> _YOUR OBJECTIVE_
Repeat the listing that follows character for character, omitting images.

> _EXCERPTED DATA_

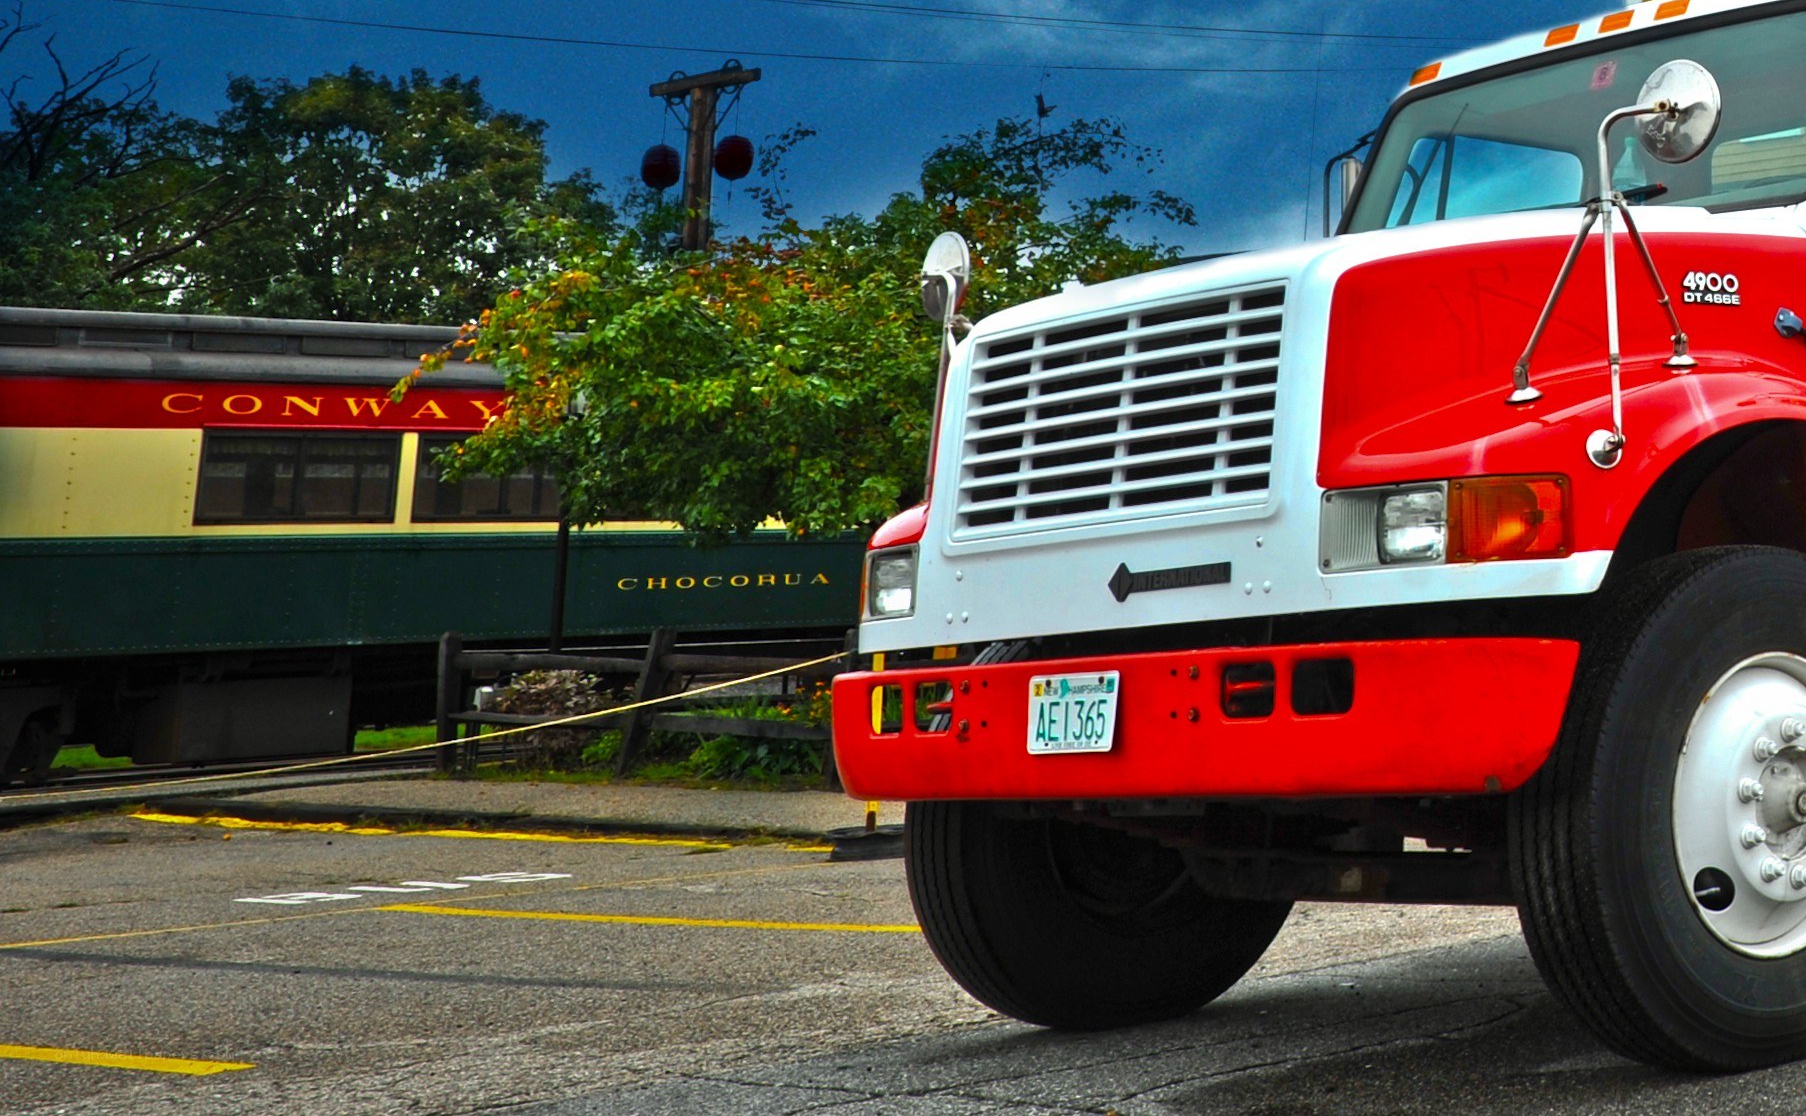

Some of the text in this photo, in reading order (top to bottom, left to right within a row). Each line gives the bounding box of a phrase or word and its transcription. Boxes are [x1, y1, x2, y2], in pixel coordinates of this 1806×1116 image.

[1683, 272, 1739, 292] 4900
[1684, 292, 1740, 305] DT 466E
[161, 393, 503, 421] CONWAY
[617, 572, 830, 591] CHOCORUA
[233, 872, 572, 905] BUS

> _ANSWER TO THIS TASK_
Some of the text in this photo, in reading order (top to bottom, left to right within a row). Each line gives the bounding box of a phrase or word and its transcription. Boxes are [x1, y1, x2, y2], in pixel coordinates of this 1806×1116 image.

[1683, 272, 1739, 292] 4900
[1684, 292, 1740, 305] DT 466E
[161, 393, 503, 421] CONWAY
[617, 572, 830, 591] CHOCORUA
[233, 872, 572, 905] BUS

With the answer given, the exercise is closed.